Point Omega, by Don Delillo
Synopsis:
In the middle of a desert ‘somewhere south of nowhere’, to a forlorn house made of metal and clapboard, a secret war adviser has gone in search of space and time. Richard Elster, seventy-three, was a scholar – an outsider – when he was called to a meeting with government war planners. For two years he tried to make intellectual sense of the troop deployments, counterinsurgency, orders for rendition. He was to map the reality these men were trying to create.
At the end of his service, Elster retreats to the desert, where he is joined by a young filmmaker intent on documenting his experience. Jim Finley wants to make a one-take film, Elster its single character – ‘Just a man against a wall.’

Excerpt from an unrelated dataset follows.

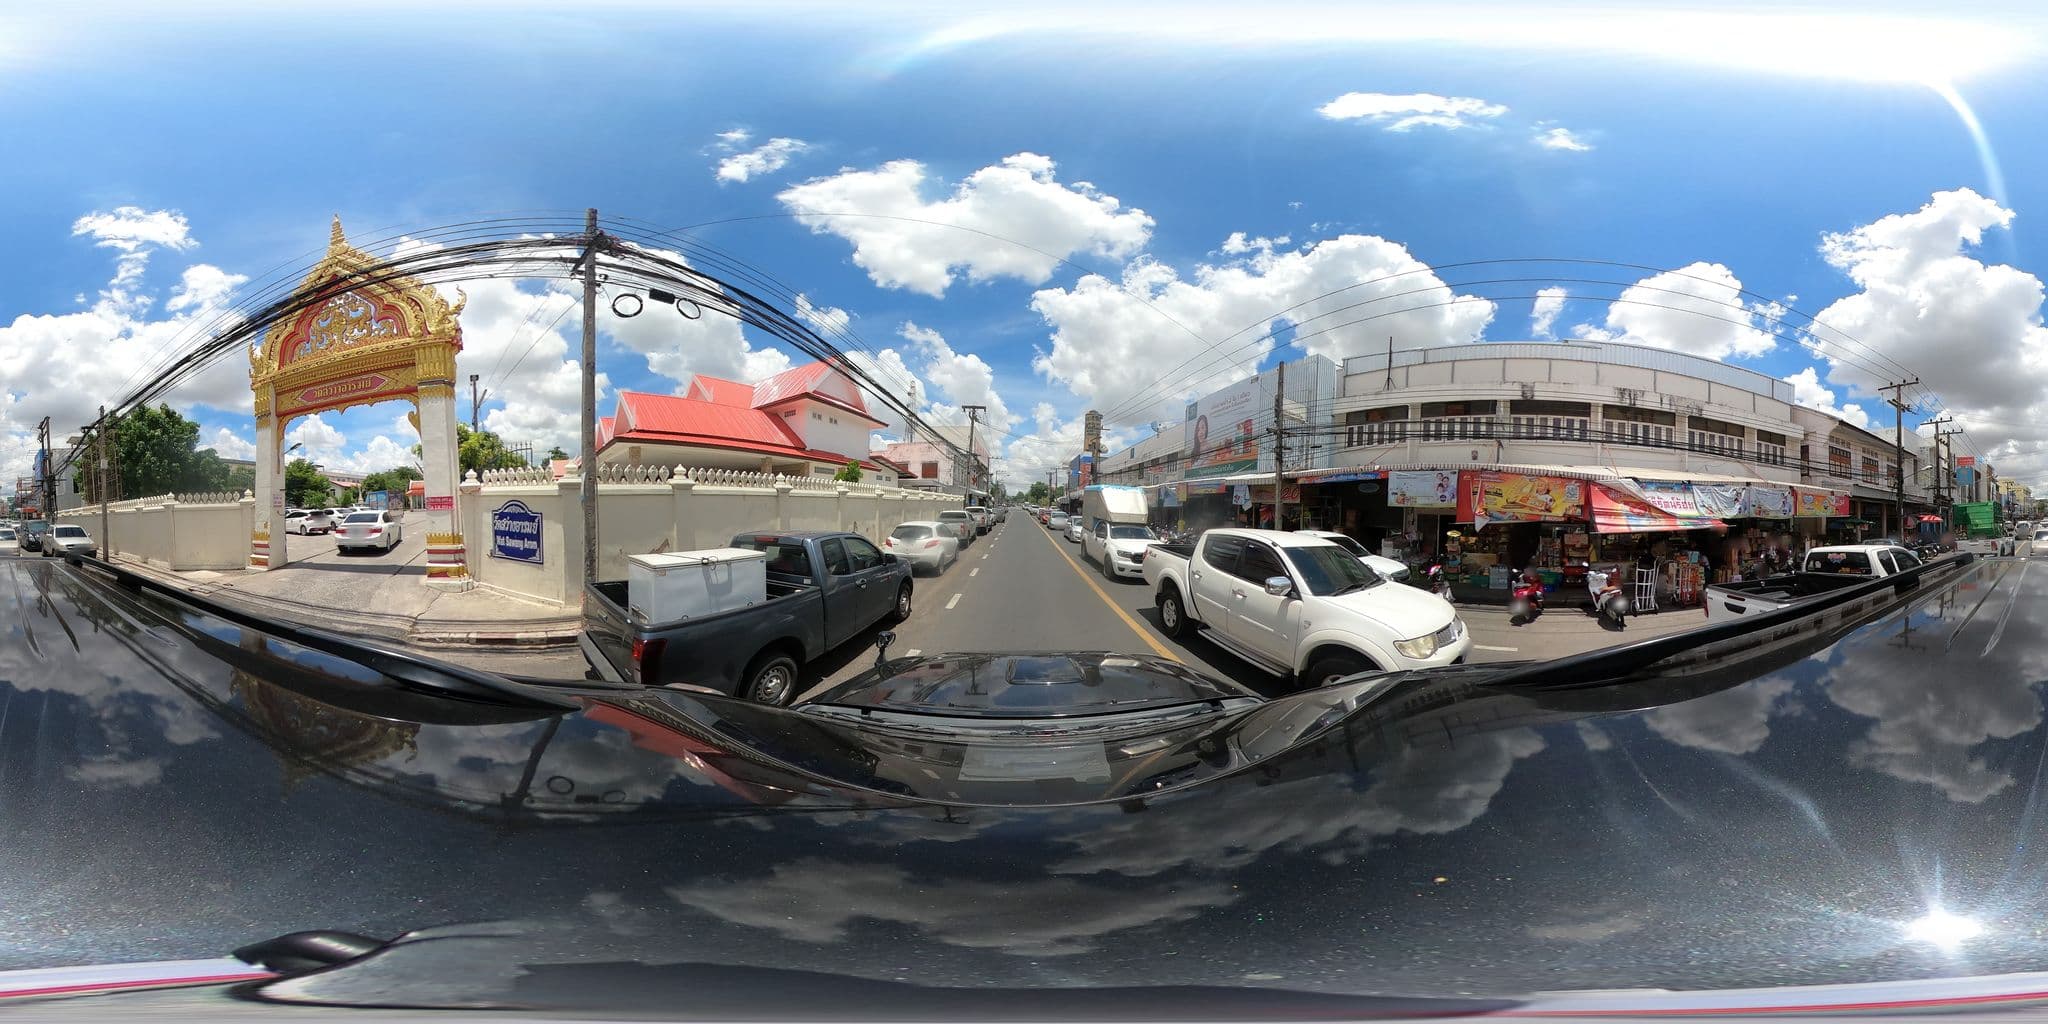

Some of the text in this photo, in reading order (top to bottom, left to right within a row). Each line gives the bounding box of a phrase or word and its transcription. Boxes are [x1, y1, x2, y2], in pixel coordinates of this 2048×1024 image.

[494, 515, 538, 534] วัดสว่างอารมณ์
[496, 535, 537, 550] Wat Sawang Arom

The two men sit on the deck, drinking and talking. Finley makes the case for his film. Weeks go by. And then Elster’s daughter Jessie visits – an ‘otherworldly’ woman from New York – who dramatically alters the dynamic of the story. When a devastating event follows, all the men’s talk, the accumulated meaning of conversation and isolation, is thrown into question. What is left is loss, fierce and incomprehensible.
Review:
Another first experience with an author. Based on this book alone I like Delillo's style. The conversations between Elster and Finley are exceptionally crafted. Elster's probing thoughts on war and life are, at the very least, interest, and, at their best, mind boggling. Delillo manages to expertly twist seemingly banal situations into insights into the feelings and thoughts of his characters, and, by extension, forces the reader to ponder those same issues.
This quotation from near the beginning of the book is highly applicable: "The less there was to see, the harder he looked, the more he saw."